Su tratamiento es más efectivo cuando se diagnostica de manera precoz. Nuevas estrategias terapéuticas y enfoques personalizados están transformando la manera en que abordamos esta condición.
La educación, la prevención y el acceso oportuno a especialistas son fundamentales para proteger el desarrollo visual de nuestros pacientes.

Fundamentos clínicos, diagnóstico temprano y desafíos actuales en su manejo
La ambliopía, comúnmente conocida como “ojo vago”, corresponde a un trastorno del desarrollo visual caracterizado por una disminución de la agudeza visual que no puede explicarse únicamente por alteraciones estructurales del ojo y que persiste incluso tras la corrección óptica adecuada. Se origina principalmente durante las etapas críticas del desarrollo visual temprano, cuando existe una interrupción o alteración en la estimulación visual normal, lo que conduce a cambios en la plasticidad neuronal del sistema visual central.
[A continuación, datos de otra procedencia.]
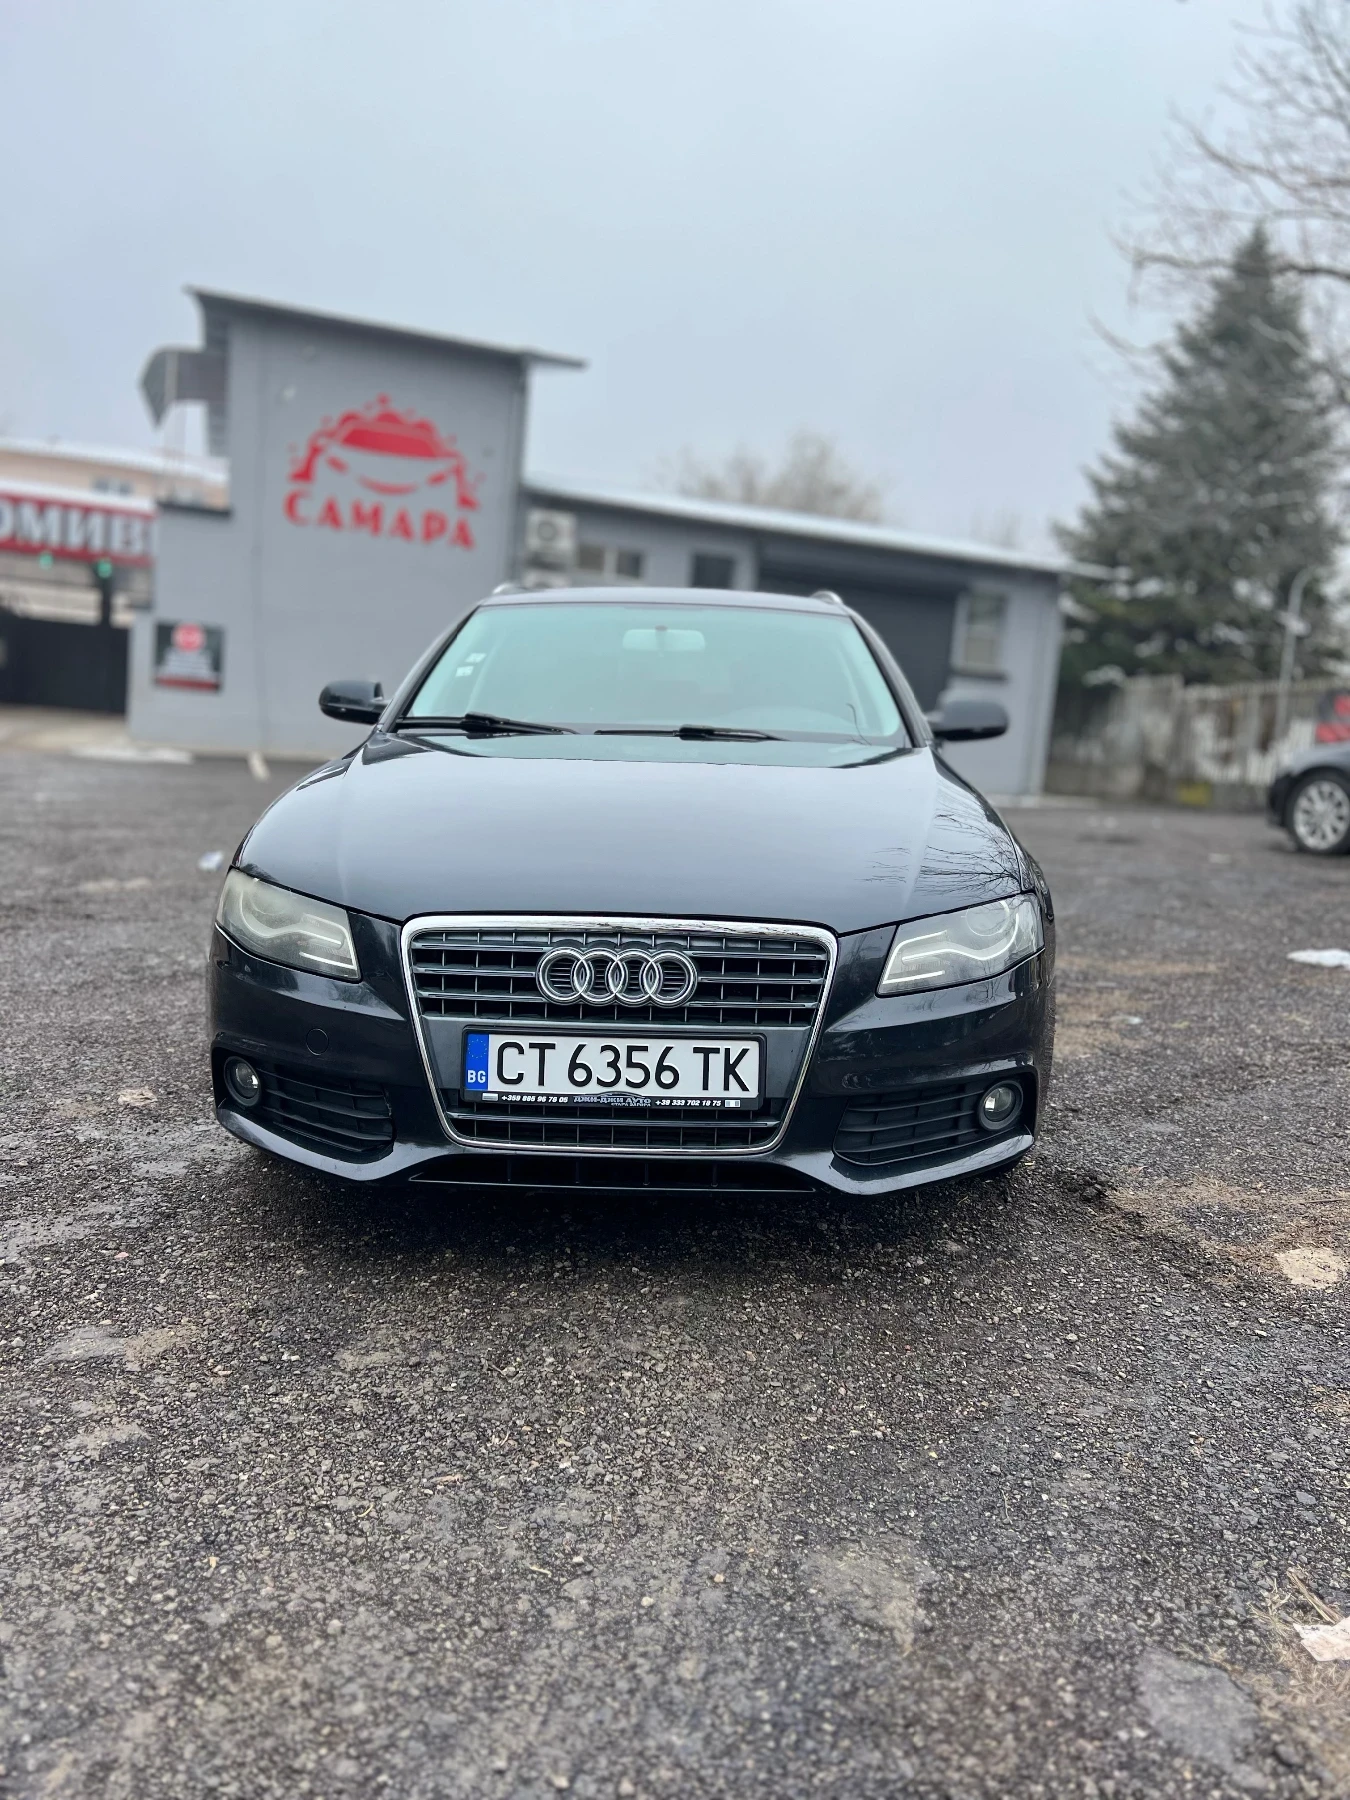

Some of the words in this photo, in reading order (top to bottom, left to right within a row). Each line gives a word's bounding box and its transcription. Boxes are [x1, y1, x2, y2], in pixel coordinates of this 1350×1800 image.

Entre las causas más frecuentes de ambliopía se incluyen el estrabismo, los errores refractivos no corregidos (especialmente anisometropía) y la deprivación visual causada por opacidades de medios o patologías que interfieren con la formación de imágenes claras en la retina. Estos factores generan un desequilibrio en la estimulación visual entre ambos ojos, llevando al cerebro a suprimir la información proveniente del ojo afectado para evitar diplopía o confusión visual.
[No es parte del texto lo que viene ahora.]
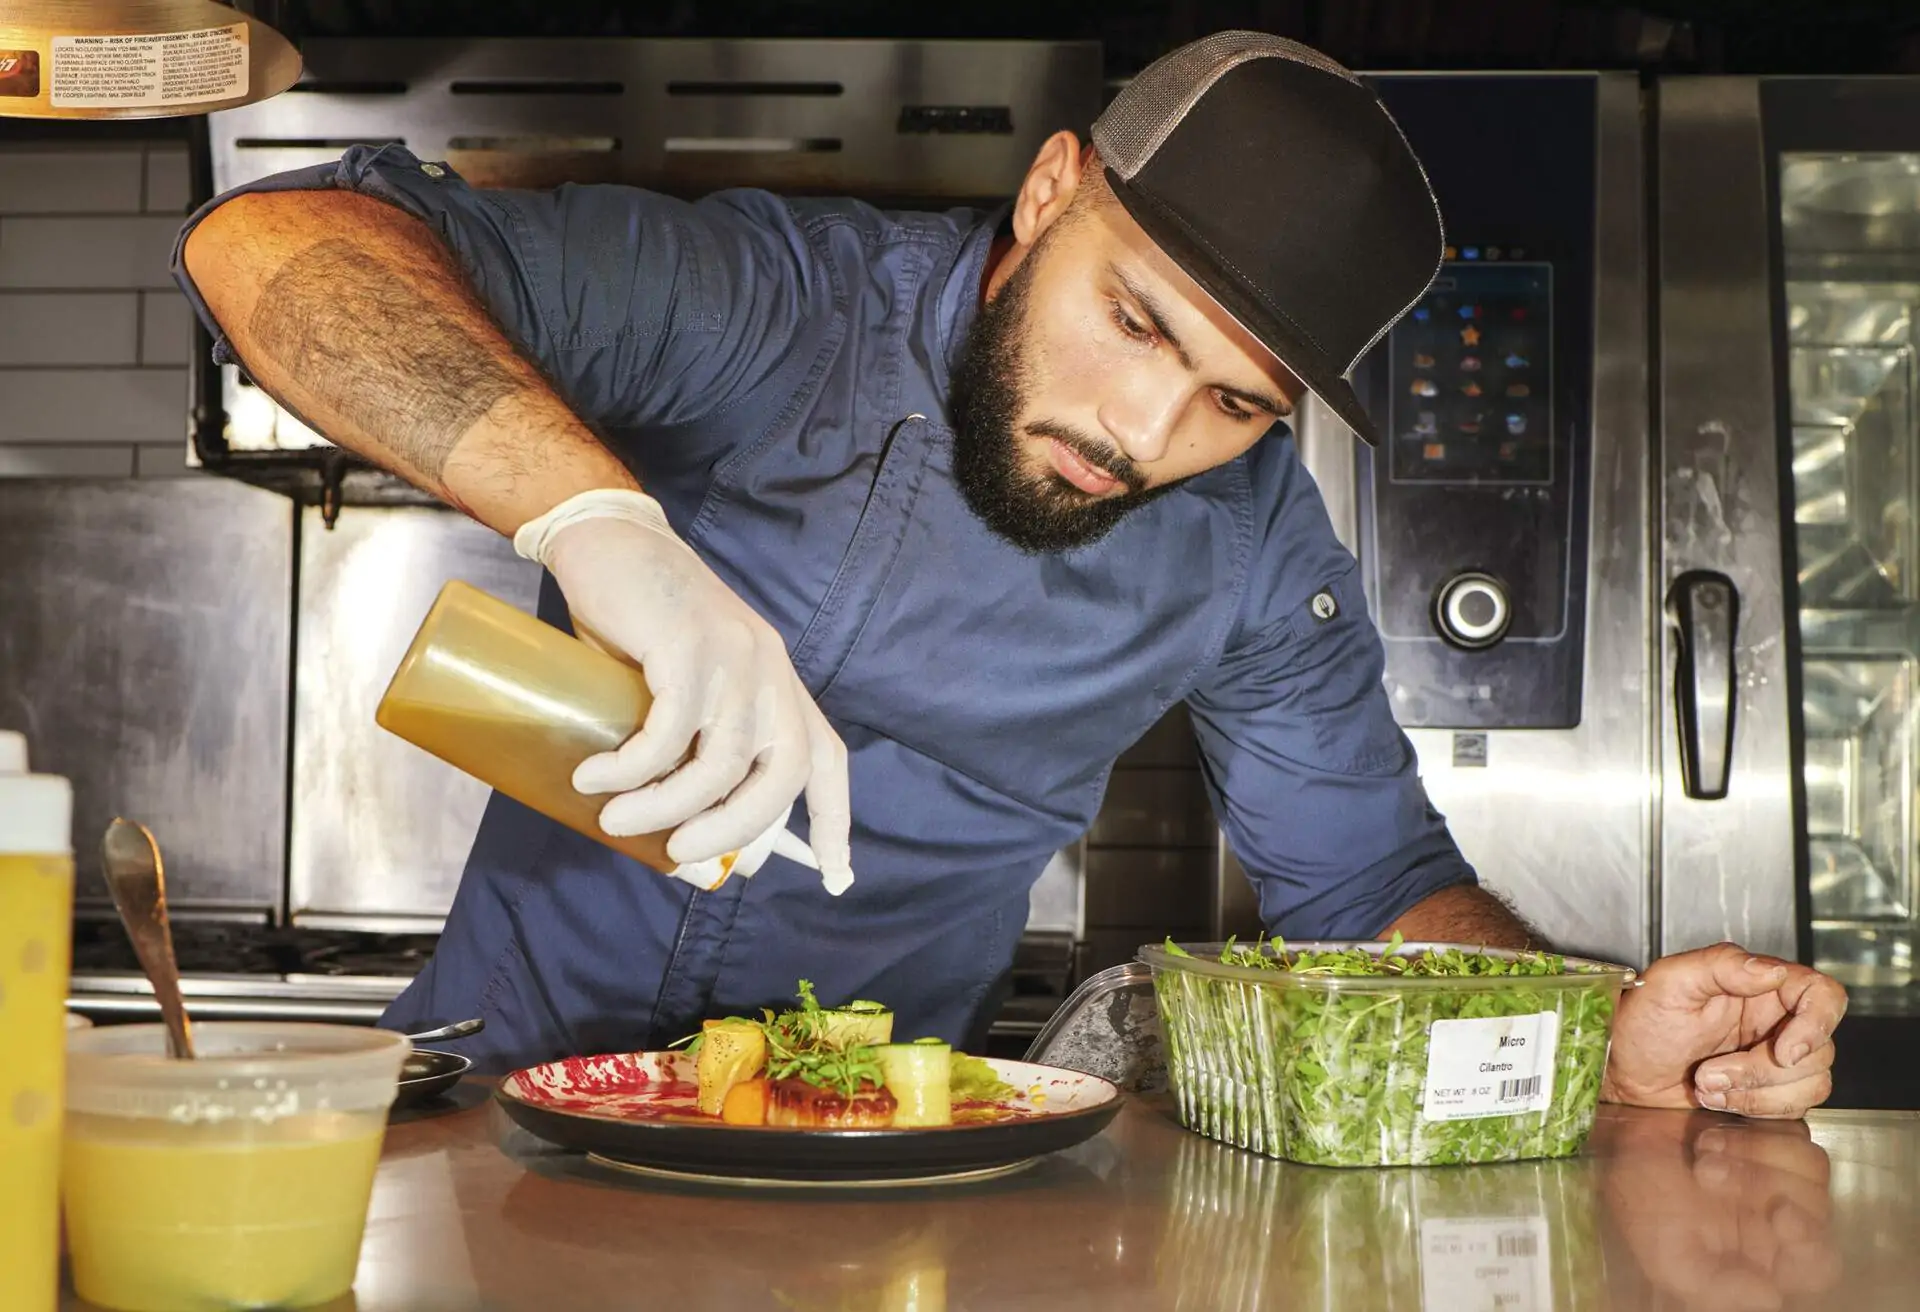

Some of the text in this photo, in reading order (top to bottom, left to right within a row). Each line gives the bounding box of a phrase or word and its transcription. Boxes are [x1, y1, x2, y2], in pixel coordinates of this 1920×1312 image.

[1499, 1036, 1526, 1047] Micro
[1479, 1062, 1513, 1073] Cilantro
[1434, 1088, 1451, 1097] NET
[1478, 1086, 1491, 1095] OZ
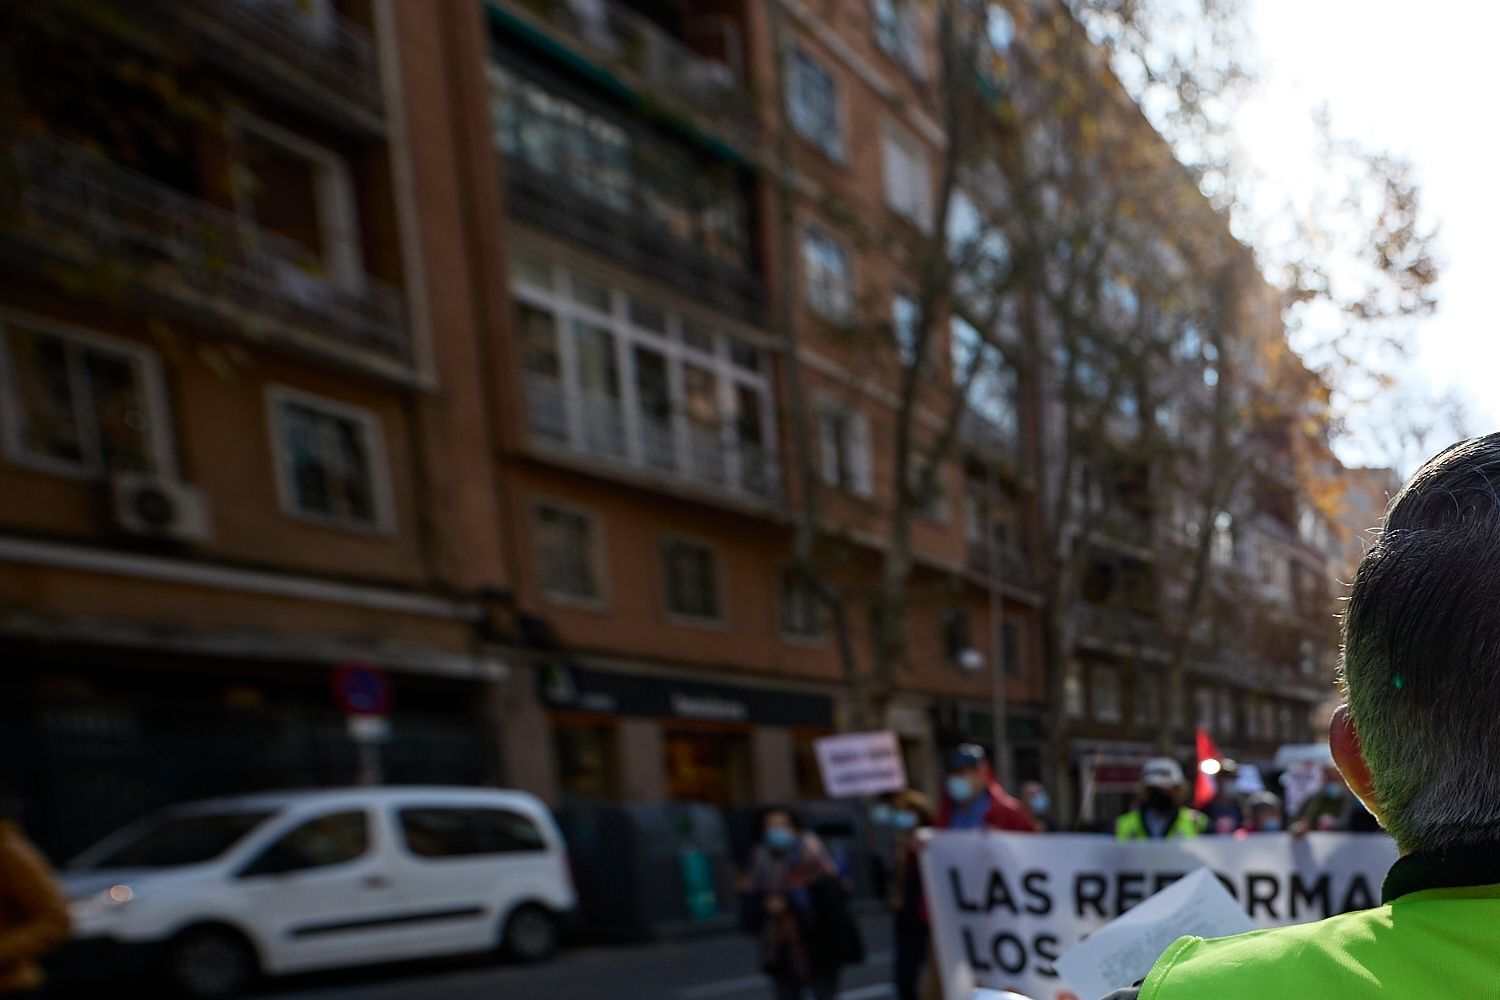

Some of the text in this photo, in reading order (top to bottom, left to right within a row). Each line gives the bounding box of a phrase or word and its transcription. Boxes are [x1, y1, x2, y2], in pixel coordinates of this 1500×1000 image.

[949, 867, 1053, 917] LAS
[1073, 871, 1387, 922] RERMA
[961, 922, 1060, 979] LOS
Desde el punto de vista neurofisiológico, la ambliopía representa una alteración en la organización cortical de las vías visuales, donde se produce una reducción en la respuesta neuronal asociada al ojo ambliopizante. La evidencia científica ha demostrado que la detección y el tratamiento tempranos son fundamentales para optimizar la recuperación funcional, debido a la mayor plasticidad cerebral durante la infancia.
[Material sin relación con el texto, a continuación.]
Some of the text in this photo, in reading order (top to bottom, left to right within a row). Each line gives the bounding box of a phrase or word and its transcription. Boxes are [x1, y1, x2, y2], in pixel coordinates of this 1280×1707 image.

El manejo clínico de la ambliopía incluye la corrección óptica adecuada, terapias de oclusión (parcheo), penalización farmacológica y programas de rehabilitación visual, los cuales han evolucionado significativamente en las últimas décadas. Nuevos enfoques terapéuticos, incluyendo intervenciones basadas en estimulación binocular y tecnologías digitales, están ampliando las estrategias disponibles y desafiando paradigmas tradicionales.
Uno de los principales retos actuales es la detección precoz y el acceso oportuno al tratamiento, ya que la ambliopía continúa siendo una de las principales causas de disminución visual prevenible en la infancia. La educación de la comunidad, el tamizaje visual temprano y la colaboración multidisciplinaria entre oftalmólogos, ortoptistas y profesionales de la salud visual son elementos esenciales para mejorar los resultados clínicos.
En este contexto, el trabajo científico y educativo impulsado por organizaciones como el Consejo Latinoamericano de Estrabismo (CLADE) resulta fundamental para promover la actualización profesional, fomentar la investigación regional y fortalecer el abordaje integral de la ambliopía en Latinoamérica, contribuyendo así a mejorar la calidad de vida de los pacientes y a optimizar el desarrollo visual desde las etapas más tempranas.